(RAW DATA Opens)

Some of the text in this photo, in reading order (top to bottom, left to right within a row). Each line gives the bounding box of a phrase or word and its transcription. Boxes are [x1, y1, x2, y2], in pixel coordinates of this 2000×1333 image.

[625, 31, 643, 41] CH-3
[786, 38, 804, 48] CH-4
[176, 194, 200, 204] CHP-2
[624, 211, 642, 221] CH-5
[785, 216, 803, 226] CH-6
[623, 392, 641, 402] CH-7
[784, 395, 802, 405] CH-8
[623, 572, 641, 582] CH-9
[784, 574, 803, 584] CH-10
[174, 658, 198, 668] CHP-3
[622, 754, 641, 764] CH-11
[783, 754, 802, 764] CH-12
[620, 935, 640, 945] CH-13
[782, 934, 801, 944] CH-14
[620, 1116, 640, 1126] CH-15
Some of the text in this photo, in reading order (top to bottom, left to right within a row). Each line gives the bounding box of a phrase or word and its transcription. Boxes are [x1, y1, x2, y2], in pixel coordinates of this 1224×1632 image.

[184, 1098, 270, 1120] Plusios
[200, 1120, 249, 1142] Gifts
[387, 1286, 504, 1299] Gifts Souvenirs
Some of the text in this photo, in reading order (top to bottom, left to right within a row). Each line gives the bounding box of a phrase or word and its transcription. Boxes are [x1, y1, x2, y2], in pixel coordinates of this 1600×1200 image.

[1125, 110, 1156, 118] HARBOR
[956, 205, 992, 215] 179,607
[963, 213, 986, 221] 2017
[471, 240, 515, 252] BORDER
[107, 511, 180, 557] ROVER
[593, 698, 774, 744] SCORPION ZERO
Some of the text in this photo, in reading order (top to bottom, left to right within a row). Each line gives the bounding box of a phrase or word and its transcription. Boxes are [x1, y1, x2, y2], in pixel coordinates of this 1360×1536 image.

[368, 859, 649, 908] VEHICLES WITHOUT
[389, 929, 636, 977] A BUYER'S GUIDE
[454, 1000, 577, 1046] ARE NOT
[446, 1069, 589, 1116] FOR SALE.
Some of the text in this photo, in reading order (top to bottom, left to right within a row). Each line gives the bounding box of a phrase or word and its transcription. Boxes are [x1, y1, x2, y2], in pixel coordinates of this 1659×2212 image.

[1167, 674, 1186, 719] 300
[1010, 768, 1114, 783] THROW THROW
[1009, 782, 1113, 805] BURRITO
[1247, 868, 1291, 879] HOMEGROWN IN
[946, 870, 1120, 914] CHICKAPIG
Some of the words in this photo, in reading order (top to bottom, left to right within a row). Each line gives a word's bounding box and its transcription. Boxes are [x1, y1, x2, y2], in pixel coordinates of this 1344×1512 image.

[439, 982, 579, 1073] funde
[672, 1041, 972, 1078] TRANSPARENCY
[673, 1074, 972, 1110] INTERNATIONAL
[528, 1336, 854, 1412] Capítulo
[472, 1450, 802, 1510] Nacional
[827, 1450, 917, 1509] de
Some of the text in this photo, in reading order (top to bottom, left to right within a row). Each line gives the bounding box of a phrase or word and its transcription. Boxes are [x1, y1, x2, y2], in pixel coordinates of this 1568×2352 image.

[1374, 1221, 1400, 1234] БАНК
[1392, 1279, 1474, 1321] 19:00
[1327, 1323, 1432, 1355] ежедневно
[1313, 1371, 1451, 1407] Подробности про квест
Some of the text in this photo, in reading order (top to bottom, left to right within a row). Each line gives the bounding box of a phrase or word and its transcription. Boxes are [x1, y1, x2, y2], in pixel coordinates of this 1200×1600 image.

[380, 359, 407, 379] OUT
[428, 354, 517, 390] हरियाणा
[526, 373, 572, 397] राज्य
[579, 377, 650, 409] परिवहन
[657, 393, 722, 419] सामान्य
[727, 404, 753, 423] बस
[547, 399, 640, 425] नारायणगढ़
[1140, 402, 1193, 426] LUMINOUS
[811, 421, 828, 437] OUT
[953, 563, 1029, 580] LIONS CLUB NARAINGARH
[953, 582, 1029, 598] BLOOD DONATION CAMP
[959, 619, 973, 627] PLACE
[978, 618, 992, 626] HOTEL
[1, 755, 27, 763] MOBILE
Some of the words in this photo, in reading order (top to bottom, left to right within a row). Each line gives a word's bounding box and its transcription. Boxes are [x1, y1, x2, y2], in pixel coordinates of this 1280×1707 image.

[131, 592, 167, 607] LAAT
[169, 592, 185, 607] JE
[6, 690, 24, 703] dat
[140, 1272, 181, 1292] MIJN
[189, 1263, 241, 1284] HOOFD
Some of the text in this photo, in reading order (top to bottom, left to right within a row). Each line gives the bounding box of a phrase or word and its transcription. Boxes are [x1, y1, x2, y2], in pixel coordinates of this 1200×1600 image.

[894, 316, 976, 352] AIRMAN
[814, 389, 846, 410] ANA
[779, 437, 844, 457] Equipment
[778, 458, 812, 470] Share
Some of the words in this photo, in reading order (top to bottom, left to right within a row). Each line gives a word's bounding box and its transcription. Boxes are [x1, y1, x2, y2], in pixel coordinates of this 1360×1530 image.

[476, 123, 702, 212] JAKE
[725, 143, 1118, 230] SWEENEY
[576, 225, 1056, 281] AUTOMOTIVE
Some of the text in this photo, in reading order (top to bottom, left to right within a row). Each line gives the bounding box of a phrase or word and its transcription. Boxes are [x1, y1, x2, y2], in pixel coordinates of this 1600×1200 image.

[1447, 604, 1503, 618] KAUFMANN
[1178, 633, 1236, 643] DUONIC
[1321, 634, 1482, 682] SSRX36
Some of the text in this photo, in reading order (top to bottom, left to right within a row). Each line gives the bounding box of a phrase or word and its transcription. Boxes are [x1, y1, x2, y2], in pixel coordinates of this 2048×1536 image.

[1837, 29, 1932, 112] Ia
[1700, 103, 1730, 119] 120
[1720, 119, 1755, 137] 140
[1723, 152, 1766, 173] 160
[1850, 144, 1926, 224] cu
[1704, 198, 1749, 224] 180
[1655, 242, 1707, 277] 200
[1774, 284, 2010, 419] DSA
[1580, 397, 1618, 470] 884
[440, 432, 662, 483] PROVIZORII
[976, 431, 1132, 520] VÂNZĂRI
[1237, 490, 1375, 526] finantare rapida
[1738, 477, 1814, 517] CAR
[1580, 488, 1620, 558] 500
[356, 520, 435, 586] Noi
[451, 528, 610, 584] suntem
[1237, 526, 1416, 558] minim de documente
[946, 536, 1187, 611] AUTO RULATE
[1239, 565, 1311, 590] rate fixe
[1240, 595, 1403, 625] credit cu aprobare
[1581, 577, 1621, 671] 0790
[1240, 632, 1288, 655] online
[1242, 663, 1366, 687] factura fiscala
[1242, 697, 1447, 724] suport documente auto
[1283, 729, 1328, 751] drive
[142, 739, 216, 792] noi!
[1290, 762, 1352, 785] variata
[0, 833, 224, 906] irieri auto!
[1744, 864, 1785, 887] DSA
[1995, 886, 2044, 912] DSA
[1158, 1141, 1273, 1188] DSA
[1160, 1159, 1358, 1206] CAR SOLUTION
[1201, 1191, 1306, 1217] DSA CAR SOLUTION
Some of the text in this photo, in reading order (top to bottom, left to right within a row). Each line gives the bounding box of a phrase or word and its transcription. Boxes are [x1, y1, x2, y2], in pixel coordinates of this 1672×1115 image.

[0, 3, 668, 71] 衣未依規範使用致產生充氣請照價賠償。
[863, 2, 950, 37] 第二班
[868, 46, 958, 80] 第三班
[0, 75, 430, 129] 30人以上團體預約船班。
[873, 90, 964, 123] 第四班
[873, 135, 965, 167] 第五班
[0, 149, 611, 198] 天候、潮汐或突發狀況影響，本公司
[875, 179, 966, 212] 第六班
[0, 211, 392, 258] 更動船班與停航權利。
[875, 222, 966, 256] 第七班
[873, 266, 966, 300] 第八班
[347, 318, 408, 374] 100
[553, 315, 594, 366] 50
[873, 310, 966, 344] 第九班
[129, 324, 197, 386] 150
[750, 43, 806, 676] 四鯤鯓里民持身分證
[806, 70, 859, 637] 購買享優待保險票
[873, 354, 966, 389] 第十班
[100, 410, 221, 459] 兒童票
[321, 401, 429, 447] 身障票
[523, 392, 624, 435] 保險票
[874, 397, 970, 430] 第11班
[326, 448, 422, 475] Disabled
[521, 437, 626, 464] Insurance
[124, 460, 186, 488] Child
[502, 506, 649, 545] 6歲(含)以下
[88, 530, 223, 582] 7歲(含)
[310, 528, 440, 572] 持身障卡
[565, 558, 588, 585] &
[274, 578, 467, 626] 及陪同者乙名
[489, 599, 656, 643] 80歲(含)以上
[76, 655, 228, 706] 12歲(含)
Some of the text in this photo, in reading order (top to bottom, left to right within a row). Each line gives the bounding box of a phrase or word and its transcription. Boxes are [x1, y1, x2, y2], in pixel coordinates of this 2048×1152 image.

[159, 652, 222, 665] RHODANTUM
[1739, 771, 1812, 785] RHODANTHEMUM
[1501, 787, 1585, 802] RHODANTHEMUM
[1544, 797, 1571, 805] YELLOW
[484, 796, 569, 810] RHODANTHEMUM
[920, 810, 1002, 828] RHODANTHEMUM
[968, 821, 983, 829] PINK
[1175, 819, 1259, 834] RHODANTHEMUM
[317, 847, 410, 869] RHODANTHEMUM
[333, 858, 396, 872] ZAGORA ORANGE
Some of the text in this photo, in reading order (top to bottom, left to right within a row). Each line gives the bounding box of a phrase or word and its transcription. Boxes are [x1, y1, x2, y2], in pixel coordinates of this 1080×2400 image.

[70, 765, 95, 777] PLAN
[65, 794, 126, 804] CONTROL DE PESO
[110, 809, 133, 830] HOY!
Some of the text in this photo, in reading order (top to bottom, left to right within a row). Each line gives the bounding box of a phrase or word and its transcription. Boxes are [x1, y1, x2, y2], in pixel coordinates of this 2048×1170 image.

(RAW DATA Closes)

### PROBLEM DESCRIPTION
All lines from the one that holds "this 2048×1152 image." to the end of the entries above must be transcribed exactly, both ends included, and no others.

### YOUR RESPONSE
Some of the text in this photo, in reading order (top to bottom, left to right within a row). Each line gives the bounding box of a phrase or word and its transcription. Boxes are [x1, y1, x2, y2], in pixel coordinates of this 2048×1152 image.

[159, 652, 222, 665] RHODANTUM
[1739, 771, 1812, 785] RHODANTHEMUM
[1501, 787, 1585, 802] RHODANTHEMUM
[1544, 797, 1571, 805] YELLOW
[484, 796, 569, 810] RHODANTHEMUM
[920, 810, 1002, 828] RHODANTHEMUM
[968, 821, 983, 829] PINK
[1175, 819, 1259, 834] RHODANTHEMUM
[317, 847, 410, 869] RHODANTHEMUM
[333, 858, 396, 872] ZAGORA ORANGE
Some of the text in this photo, in reading order (top to bottom, left to right within a row). Each line gives the bounding box of a phrase or word and its transcription. Boxes are [x1, y1, x2, y2], in pixel coordinates of this 1080×2400 image.

[70, 765, 95, 777] PLAN
[65, 794, 126, 804] CONTROL DE PESO
[110, 809, 133, 830] HOY!
Some of the text in this photo, in reading order (top to bottom, left to right within a row). Each line gives the bounding box of a phrase or word and its transcription. Boxes are [x1, y1, x2, y2], in pixel coordinates of this 2048×1170 image.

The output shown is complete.